Qu’est-ce qui explique que l’épisode ait été à ce point éphémère, que les nationalisations aient été ensuite défaites aussi aisément et que leur fin n’ait apparemment causé aucun regret ? D’une part, l’impréparation et l’incompétence, affirme Morin, d’autre part, les dissensions internes entre deux factions au gouvernement : un parti « révolutionnaire », favorable à une nationalisation radicale de la plus grande part de l’économie, avec à sa tête Pierre Mauroy et Jean Le Garrec, soutenus par les ministres communistes, et un parti réformiste dirigé par Jacques Delors et Michel Rocard, pratiquant la résistance passive vis-à-vis des nationalisations, prônant une participation majoritaire minimale dans les entreprises nationalisées, et poussant à ce que leur nombre soit le plus restreint possible.
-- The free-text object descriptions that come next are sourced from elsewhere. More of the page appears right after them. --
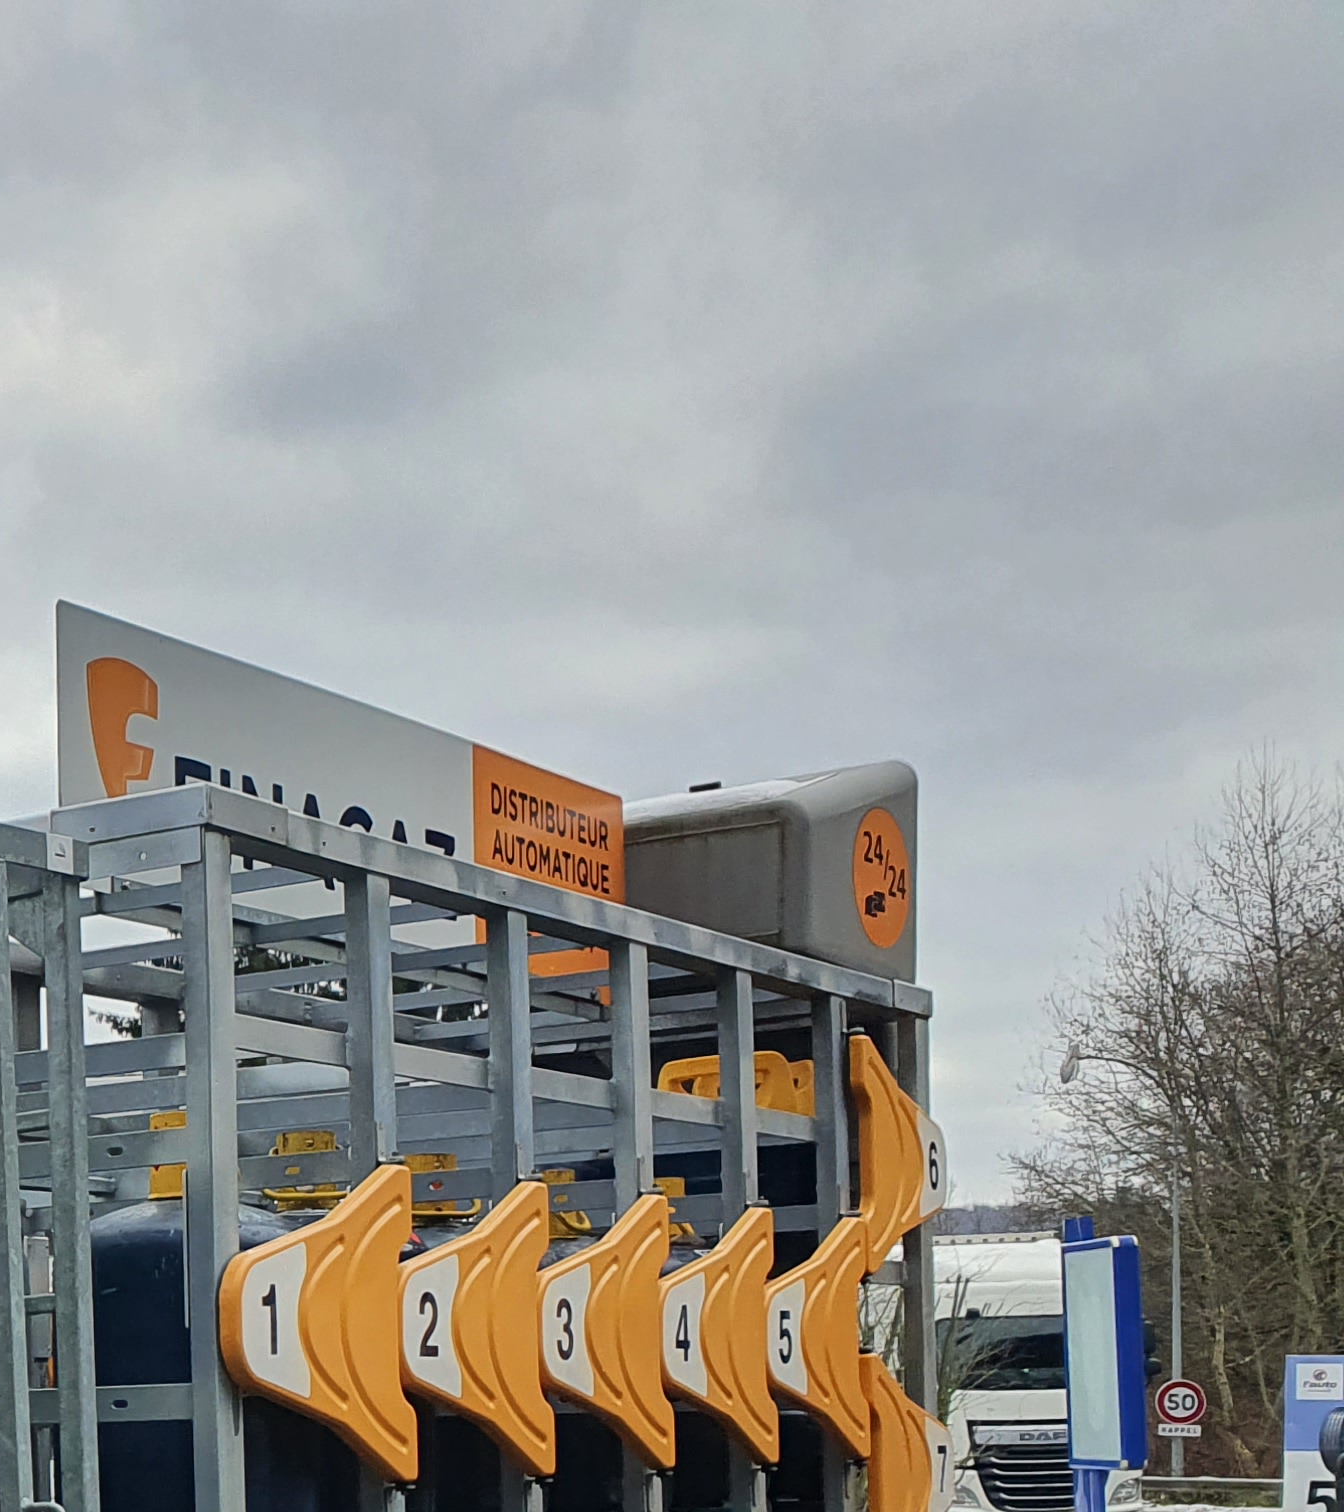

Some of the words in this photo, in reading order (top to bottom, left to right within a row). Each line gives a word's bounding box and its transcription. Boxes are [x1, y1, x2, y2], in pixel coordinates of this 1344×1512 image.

[490, 781, 609, 851] DISTRIBUTEUR
[491, 829, 610, 895] AUTOMATIQUE
[929, 1141, 939, 1190] 6
[261, 1283, 279, 1355] 1
[419, 1291, 440, 1357] 2
[556, 1298, 574, 1361] 3
[675, 1303, 691, 1362] 4
[778, 1310, 793, 1364] 5
[1167, 1393, 1195, 1411] 50
[1019, 1431, 1066, 1441] DAF
[937, 1446, 947, 1493] 7
Or ce qui transparaît du livre est essentiellement que la motivation des acteurs était médiocre, aussi bien du côté des soi-disants enthousiastes que de ceux qui entérinaient les nationalisations à contre-coeur. En fait, on a le sentiment que le « Programme commun de la gauche » des socialistes et des communistes, datant de 1972, soit de neuf ans auparavant, avait très mal vieilli et que la justification de ces nationalisations appartenait à un autre âge : « Pour briser la domination du grand capital et mettre en œuvre une politique économique et sociale nouvelle… ».
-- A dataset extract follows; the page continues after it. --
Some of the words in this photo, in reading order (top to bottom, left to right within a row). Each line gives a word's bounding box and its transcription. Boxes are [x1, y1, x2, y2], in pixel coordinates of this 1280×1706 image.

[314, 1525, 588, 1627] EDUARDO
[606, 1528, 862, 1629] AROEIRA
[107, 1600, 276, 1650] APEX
« Nouvelle », c’était pour le moins vague. Quant à briser « la domination du grand capital », cela avait déjà eu lieu en 1936 avec la nationalisation de la Banque de France par le Front populaire et l’élimination alors du pouvoir effectivement abusif attribué aux « 200 familles » des actionnaires principaux. Une modernisation alors de la Banque de France, il faut le noter, du même type que celle qui avait déjà eu lieu dans bien des pays européens, en particulier en Belgique l’année précédente, en 1935 : un type de modernisation opéré aussi bien par des gouvernements de droite que de gauche.

Quant aux nationalisations de 1945 à l’initiative du Conseil National de la Résistance, comme celle des automobiles Renault, leur justification à l’époque n’était nullement de « briser la domination du grand capital » mais très explicitement la punition des profiteurs de guerre : « Afin d’exiger la confiscation des biens des traîtres et des trafiquants de marché noir ».

Si Morin demeure attaché personnellement aux nationalisations de 1981, c’est qu’il leur reconnaît deux grands mérites : avoir mis, par le biais de celle des banques, le pouvoir d’accorder le crédit et de brider la spéculation au service de l’intérêt général, et avoir imposé aux entreprises une organisation démocratique là où régnait un pouvoir autocratique des actionnaires et de la direction.

Or il apparaît, avec le recul du temps, qu’il existe de bien meilleurs moyens d’atteindre ces objectifs louables que par le biais de la nationalisation qui apparaît aujourd’hui trop indirect et ratant sa cible de beaucoup.

On peut écarter l’affirmation de Morin qu’une nationalisation des banques commerciales rendrait à la communauté le pouvoir de la création monétaire privée : l’exemple qu’il donne reproduit une confusion commise très souvent par les personnes peu familières avec les mécanismes du crédit. Il décrit en effet l’opération comptable permettant d’établir une ligne de crédit pour un emprunteur et imagine que ce jeu d’écritures « crée » véritablement de l’argent ! Non : une fois que le bénéficiaire de la ligne de crédit tirera effectivement de l’argent sur son compte, la banque devra, véritablement, trouver de l’argent quelque part pour alimenter la ligne et lui prêter l’argent auquel elle ouvre droit.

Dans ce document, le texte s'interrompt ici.